BIOM-63. PROTEOMIC BASED PROFILING OF CSF FOR CNSL MANAGEMENT

Abstract

Abstract Central nervous system lymphoma (CNSL) is a rare subtype of non-Hodgkin lymphoma, primarily affecting the brain and spinal cord. CNSL exhibits a dismal prognosis, as reflected by a low 5-year survival rate of 30%, with the current standard of care. The advent of multi-agent intrathecal chemotherapy (MAITC) in conjunction with systemic therapy has demonstrated encouraging outcomes, enhancing both progression-free survival and overall survival in patients with CNSL. Given the potential morbidity associated with MAITC, identification of minimally-invasive biomarkers for guiding patient management are necessary. Leveraging the longitudinal, large volume of Cerebrospinal fluid (CSF) afforded through our MAITC program, the objective of this study is to identify CSF-based proteomic biomarkers that can serve as reliable indicators of MAITC treatment response and CNSL management. Patient-matched CSF samples from the Penn State Health Neuroscience biorepository were banked at pre- and post-therapeutic endpoint in 22 primary and 36 secondary CNSL patients.
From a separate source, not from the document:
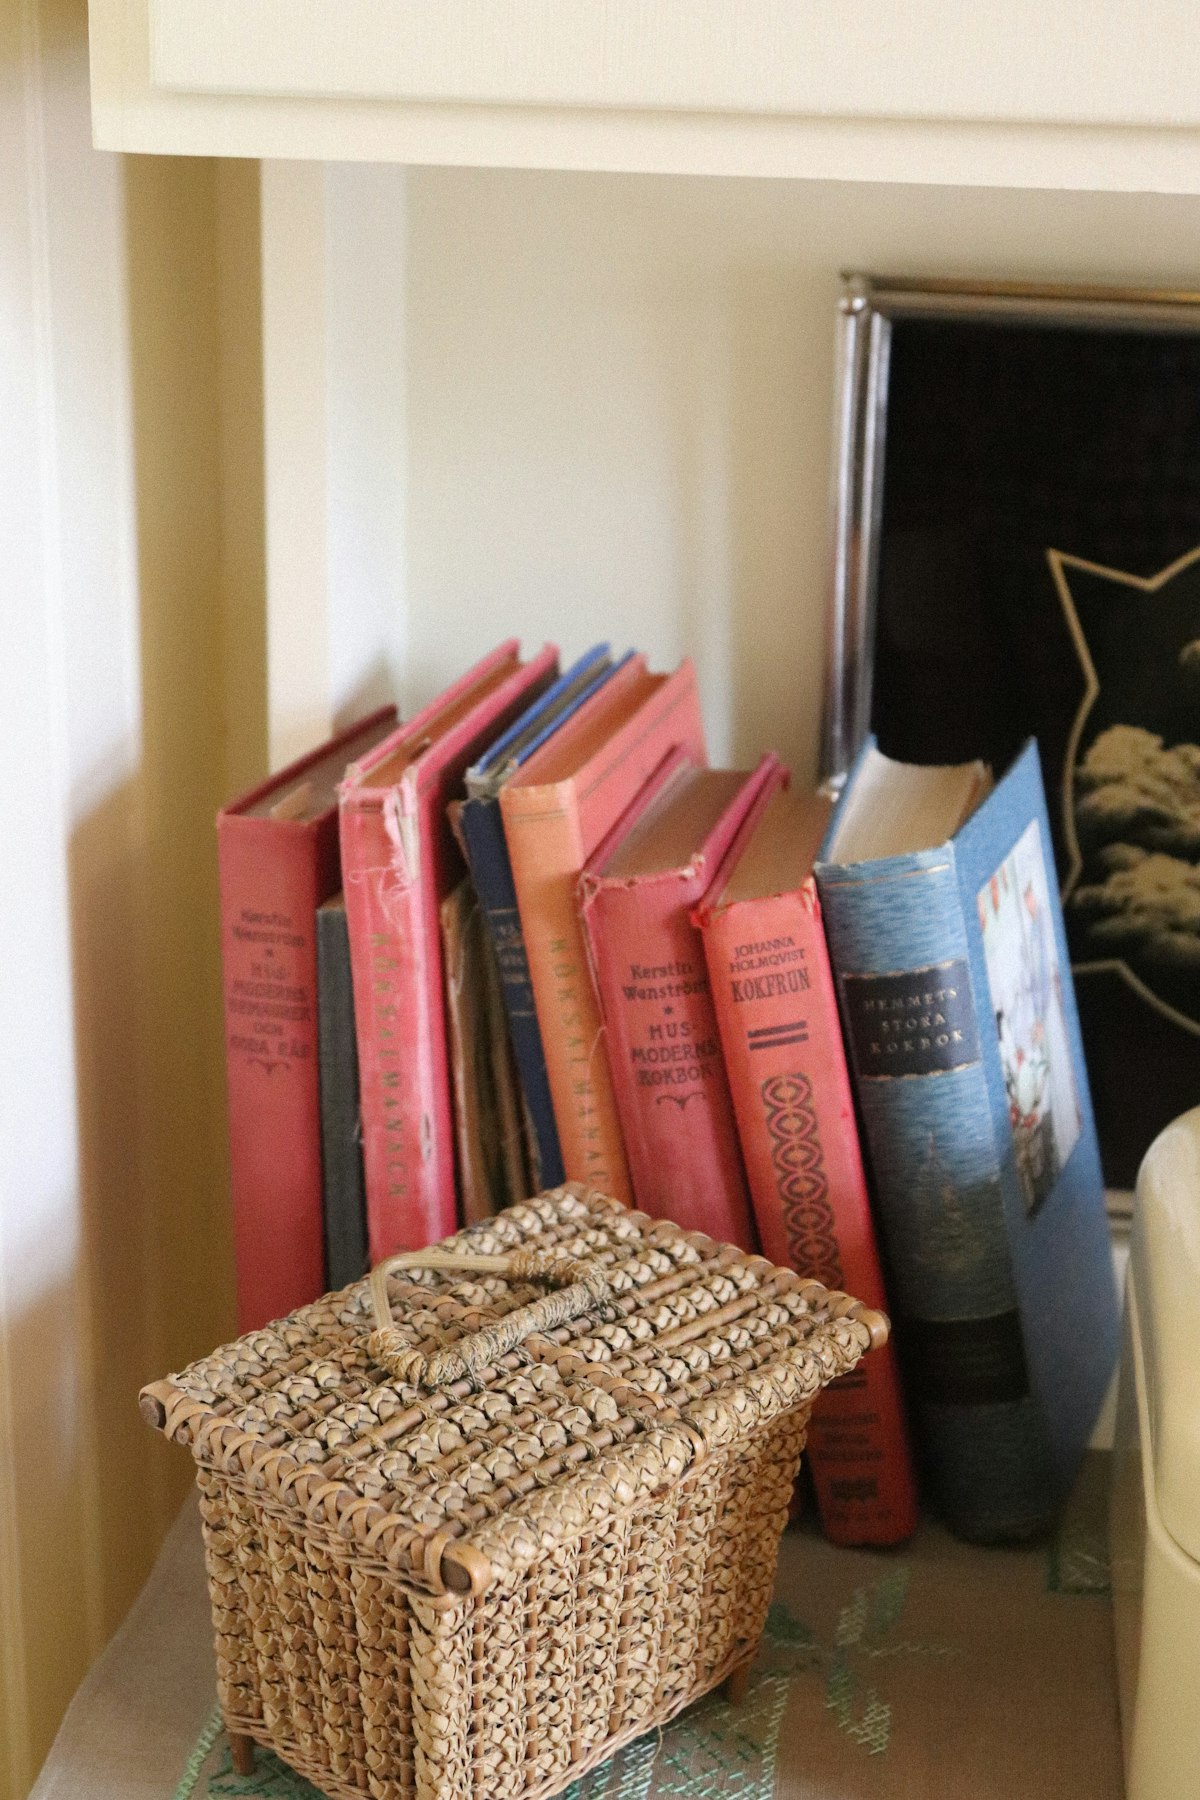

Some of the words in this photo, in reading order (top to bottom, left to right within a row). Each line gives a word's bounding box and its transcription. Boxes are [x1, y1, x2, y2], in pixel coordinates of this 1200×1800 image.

The samples were profiled using high-throughput fluid sample protocol coupled with mass-spectrometry that only requires 30 μl of CSF. More than 1000 unique proteins were detected using shotgun proteomics, and 797 proteins were present in 70% of the analyzed samples, which were used for downstream analysis. We were able to effectively discriminate between primary and secondary CNSL based on protein abundance. Furthermore, the findings suggest significant changes in the cellular processes related to glycoprotein metabolism and redox signalling in response to the treatment, indicating a potential impact on protein modification and the cellular response to oxidative stress. Our comprehensive, pathway-level analysis uncovered significant molecular alterations, shedding light on their potential prognostic significance in the context of CNS lymphoma. Future work is underway to identify biomarker signatures that would predict optimal response to MAITC therapy, exhibiting potential to improve clinical decision making.